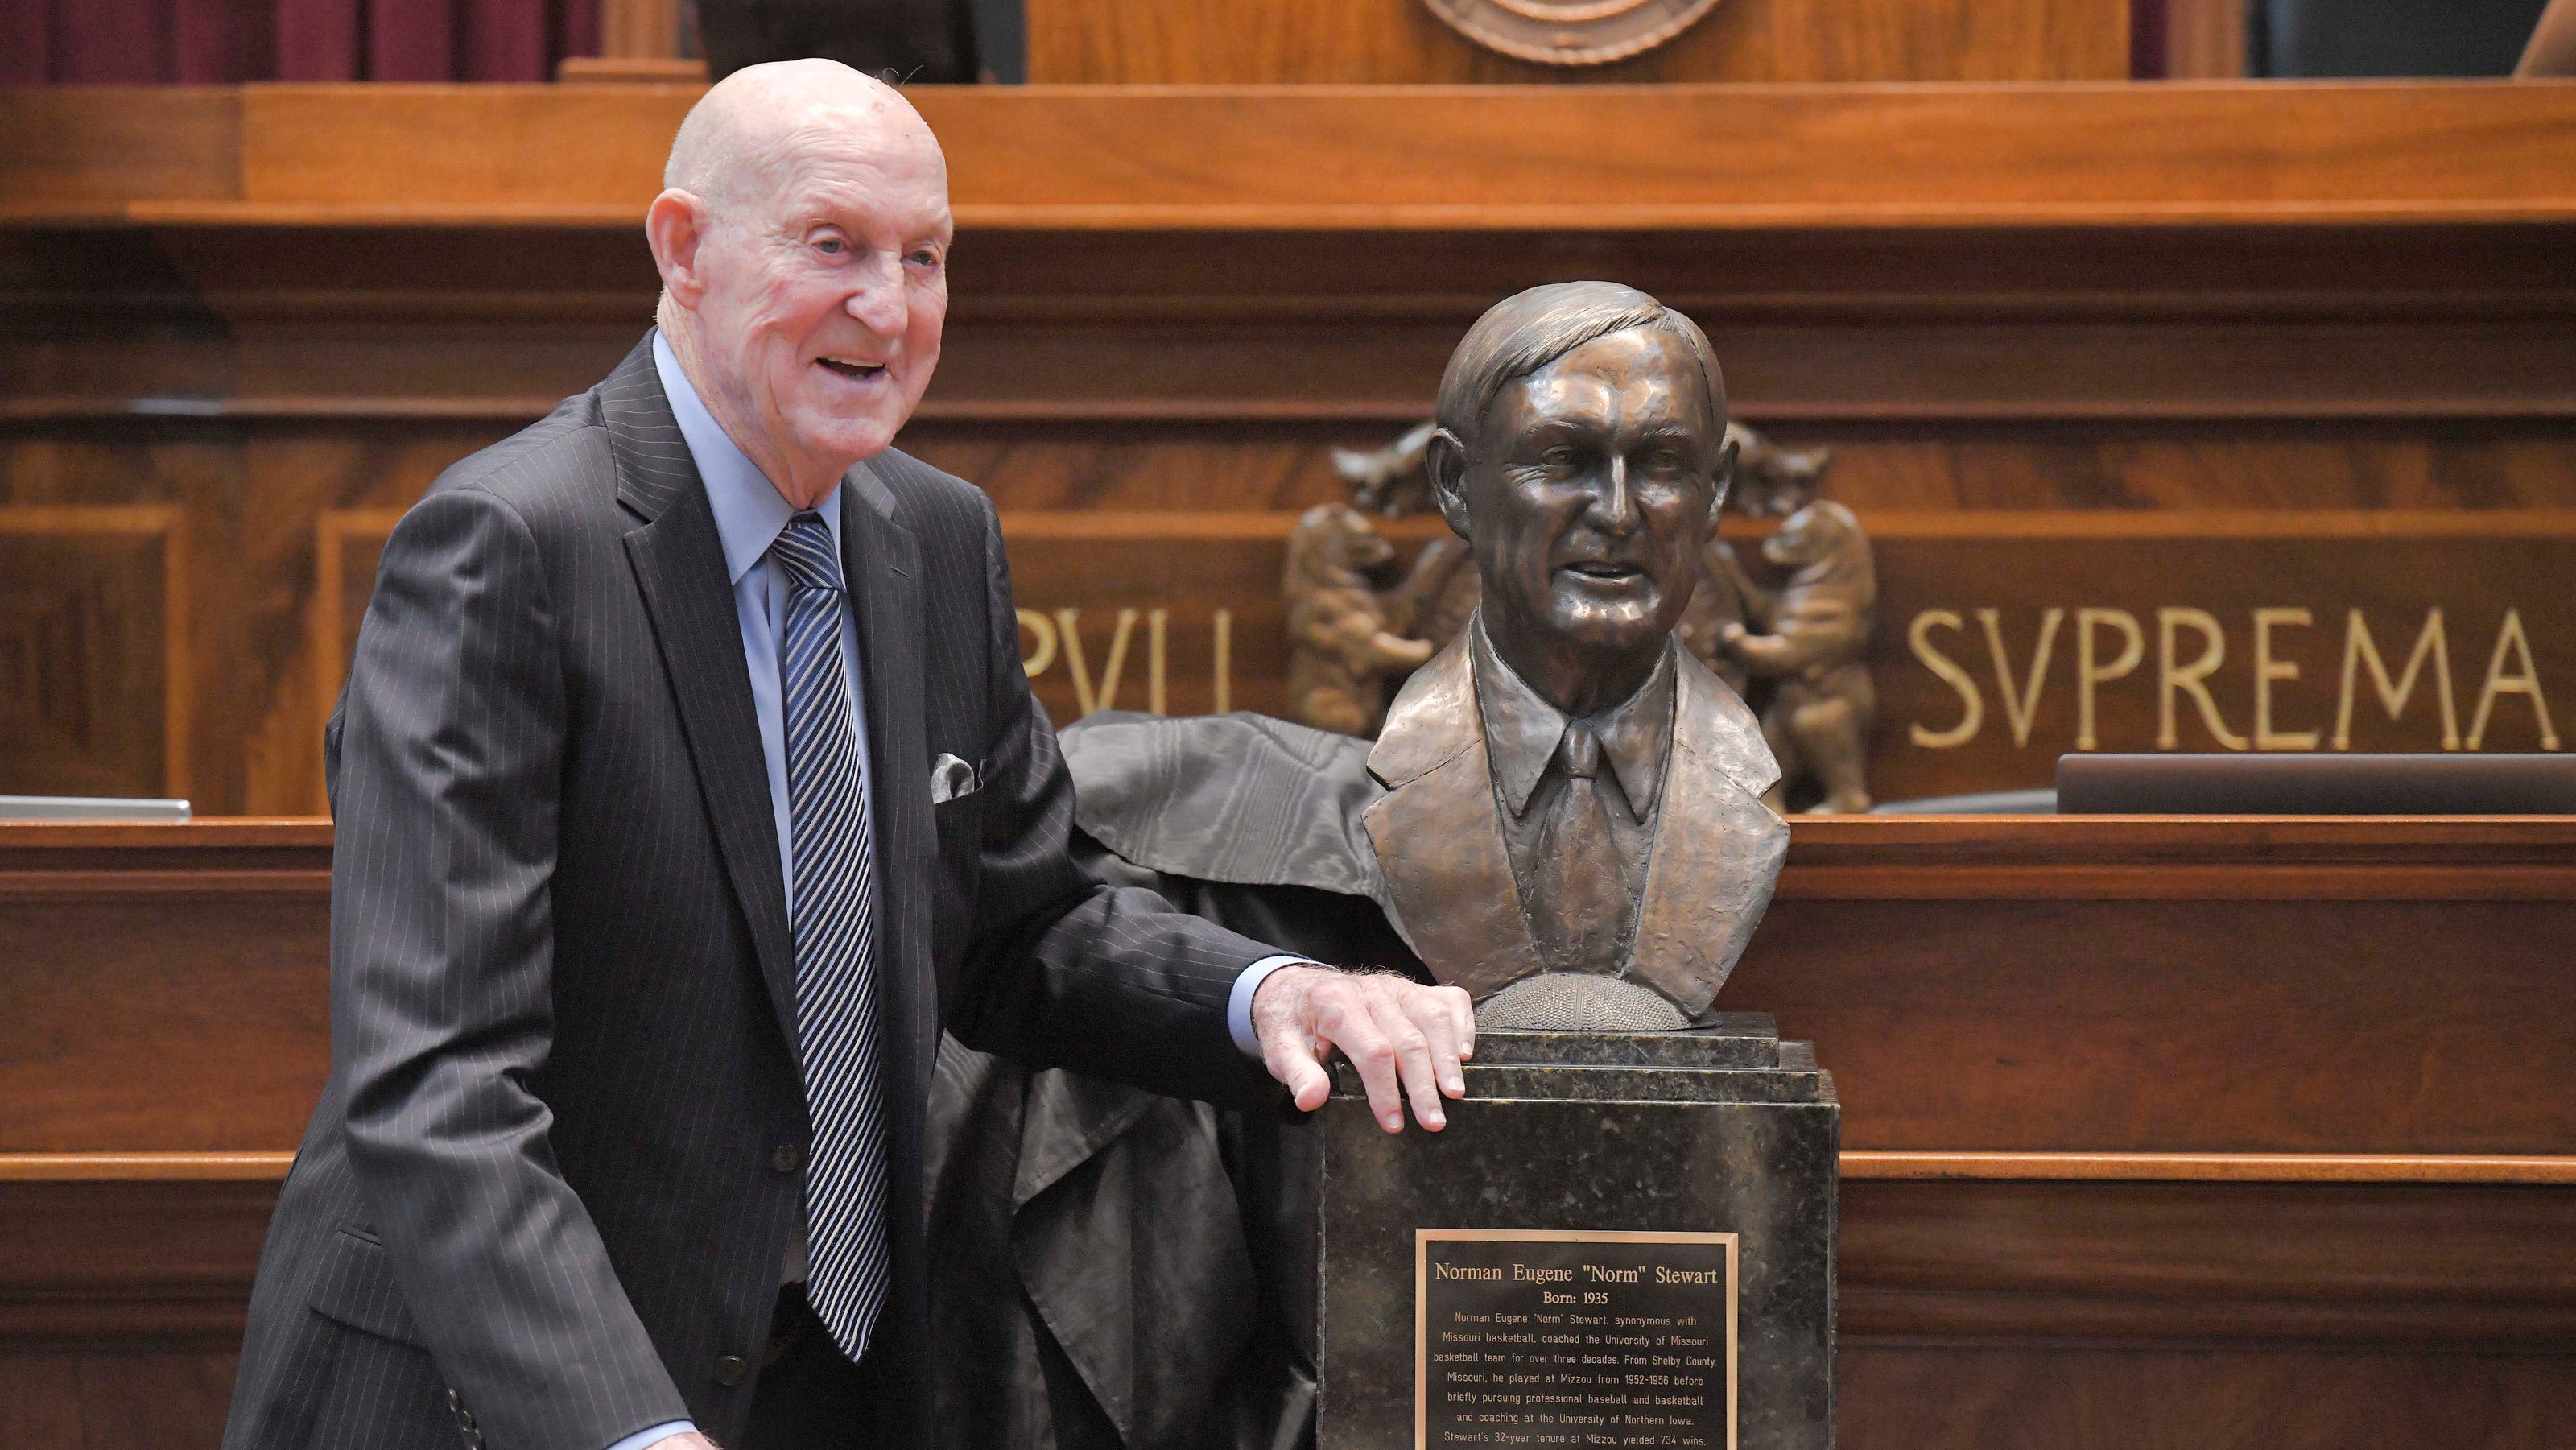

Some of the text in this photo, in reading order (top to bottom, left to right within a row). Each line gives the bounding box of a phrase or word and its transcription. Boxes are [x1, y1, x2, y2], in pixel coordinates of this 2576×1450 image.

[1907, 607, 2561, 751] SVPREMA
[1435, 1262, 1719, 1285] Norman Eugene "Norm" Stewart
[1542, 1291, 1608, 1304] Born: 1935
[1455, 1311, 1490, 1323] Norman
[1495, 1312, 1528, 1325] Eugene
[1614, 1316, 1671, 1328] synonymous
[1676, 1316, 1697, 1326] with
[1443, 1331, 1480, 1342] Missouri
[1542, 1332, 1580, 1344] coached
[1585, 1333, 1600, 1345] the
[1605, 1333, 1650, 1347] University
[1655, 1335, 1666, 1345] of
[1670, 1335, 1709, 1346] Missouri
[1433, 1351, 1479, 1362] basketball
[1484, 1353, 1506, 1362] team
[1511, 1352, 1525, 1362] for
[1529, 1354, 1549, 1363] over
[1554, 1353, 1577, 1364] three
[1624, 1353, 1648, 1365] From
[1652, 1353, 1681, 1368] Shelby
[1492, 1372, 1504, 1382] he
[1509, 1372, 1540, 1386] played
[1545, 1373, 1555, 1383] at
[1560, 1372, 1592, 1385] Mizzou
[1597, 1373, 1620, 1385] from
[1624, 1374, 1669, 1386] 1952-1956
[1674, 1374, 1704, 1386] before
[1447, 1390, 1703, 1406] briefly pursuing professional baseball and basketball
[1456, 1411, 1473, 1422] and
[1478, 1411, 1519, 1424] coaching
[1522, 1413, 1534, 1423] at
[1539, 1412, 1554, 1423] the
[1559, 1412, 1604, 1426] University
[1610, 1414, 1620, 1424] of
[1624, 1414, 1665, 1425] Northern
[1444, 1431, 1489, 1442] Stewart's
[1494, 1431, 1531, 1444] 32-year
[1536, 1433, 1565, 1443] tenure
[1571, 1434, 1580, 1444] at
[1586, 1432, 1617, 1444] Mizzou
[1623, 1434, 1655, 1448] yielded
[1660, 1435, 1677, 1445] 734
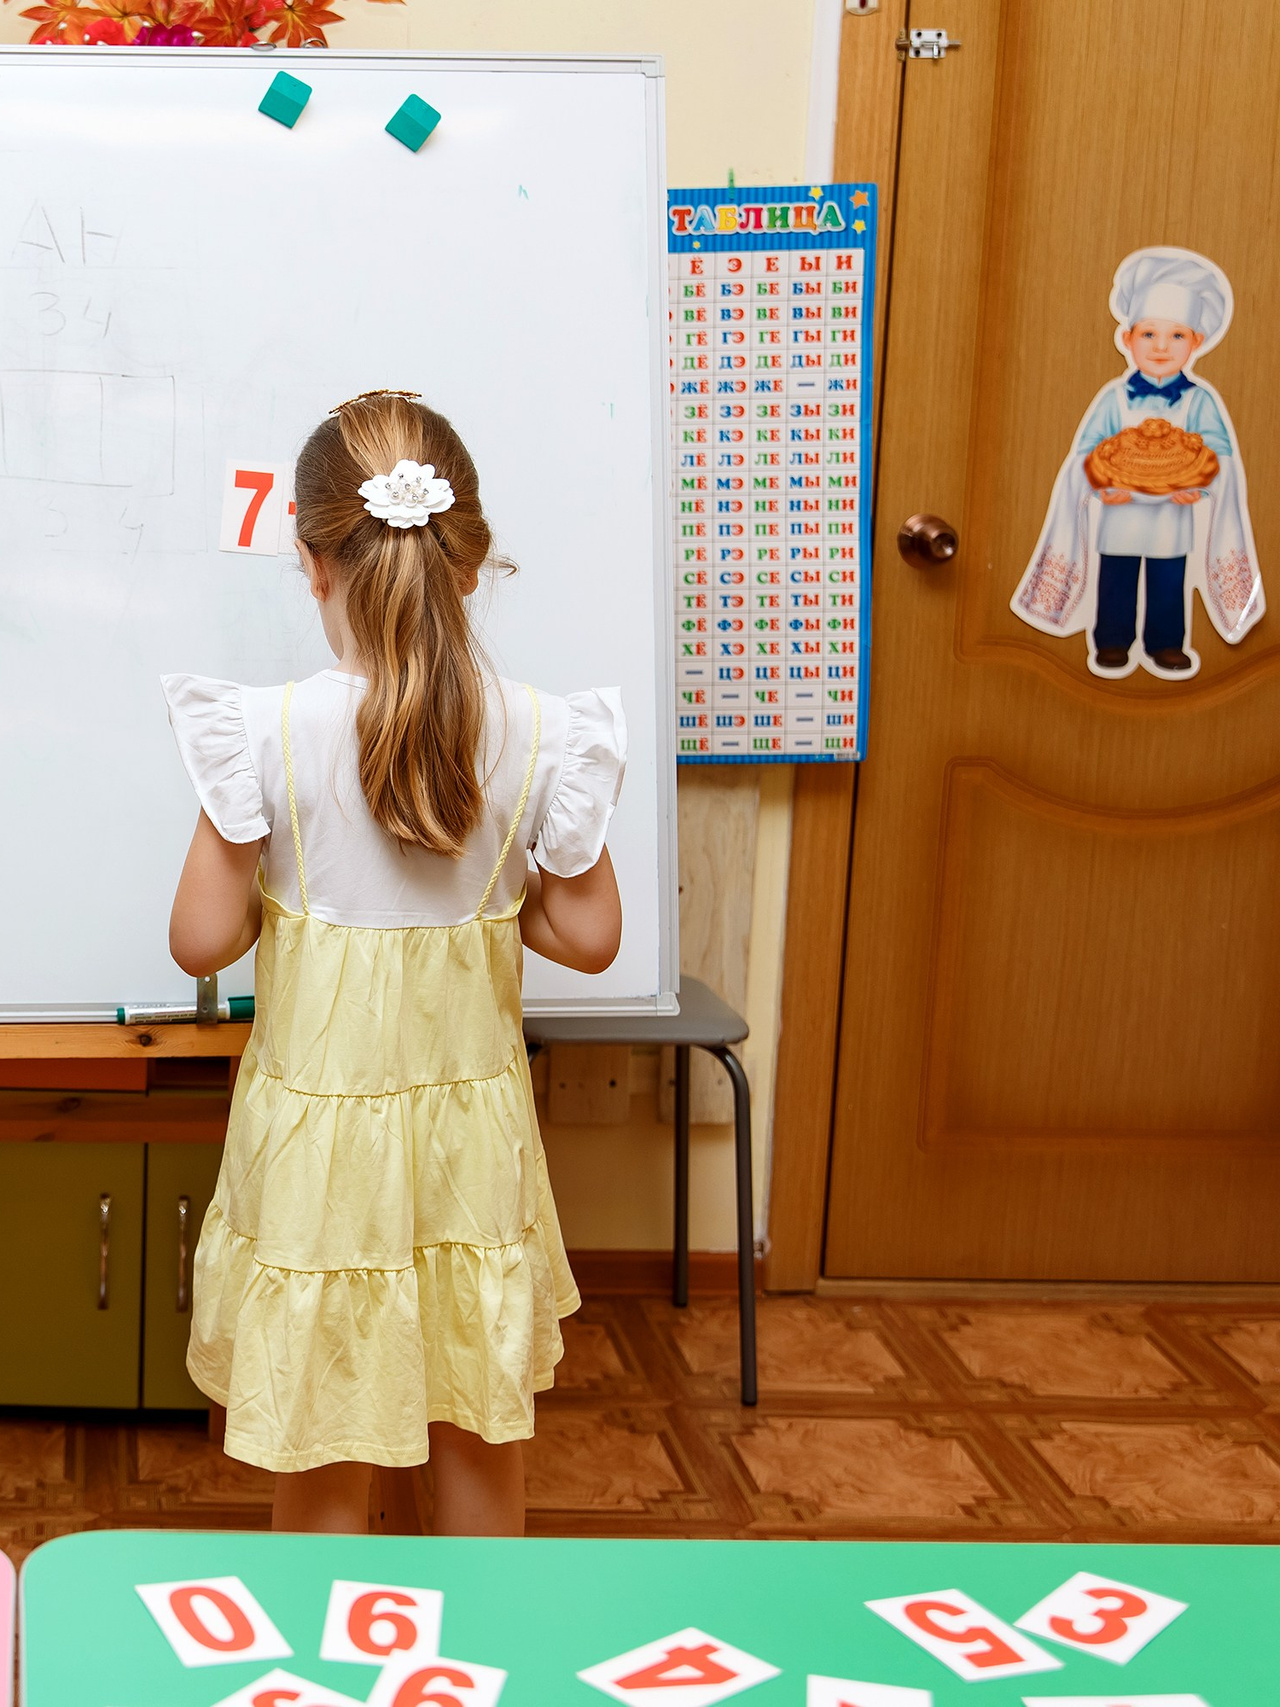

● Prompt
The answer must be an exact restatement of all the records, with no pictures included.

● Answer space
Some of the text in this photo, in reading order (top to bottom, left to right within a row). Each line gives the bounding box of a phrase or word and its transcription. Boxes are [x1, y1, x2, y2], in pixel coordinates of this 2576×1450 image.

[1907, 607, 2561, 751] SVPREMA
[1435, 1262, 1719, 1285] Norman Eugene "Norm" Stewart
[1542, 1291, 1608, 1304] Born: 1935
[1455, 1311, 1490, 1323] Norman
[1495, 1312, 1528, 1325] Eugene
[1614, 1316, 1671, 1328] synonymous
[1676, 1316, 1697, 1326] with
[1443, 1331, 1480, 1342] Missouri
[1542, 1332, 1580, 1344] coached
[1585, 1333, 1600, 1345] the
[1605, 1333, 1650, 1347] University
[1655, 1335, 1666, 1345] of
[1670, 1335, 1709, 1346] Missouri
[1433, 1351, 1479, 1362] basketball
[1484, 1353, 1506, 1362] team
[1511, 1352, 1525, 1362] for
[1529, 1354, 1549, 1363] over
[1554, 1353, 1577, 1364] three
[1624, 1353, 1648, 1365] From
[1652, 1353, 1681, 1368] Shelby
[1492, 1372, 1504, 1382] he
[1509, 1372, 1540, 1386] played
[1545, 1373, 1555, 1383] at
[1560, 1372, 1592, 1385] Mizzou
[1597, 1373, 1620, 1385] from
[1624, 1374, 1669, 1386] 1952-1956
[1674, 1374, 1704, 1386] before
[1447, 1390, 1703, 1406] briefly pursuing professional baseball and basketball
[1456, 1411, 1473, 1422] and
[1478, 1411, 1519, 1424] coaching
[1522, 1413, 1534, 1423] at
[1539, 1412, 1554, 1423] the
[1559, 1412, 1604, 1426] University
[1610, 1414, 1620, 1424] of
[1624, 1414, 1665, 1425] Northern
[1444, 1431, 1489, 1442] Stewart's
[1494, 1431, 1531, 1444] 32-year
[1536, 1433, 1565, 1443] tenure
[1571, 1434, 1580, 1444] at
[1586, 1432, 1617, 1444] Mizzou
[1623, 1434, 1655, 1448] yielded
[1660, 1435, 1677, 1445] 734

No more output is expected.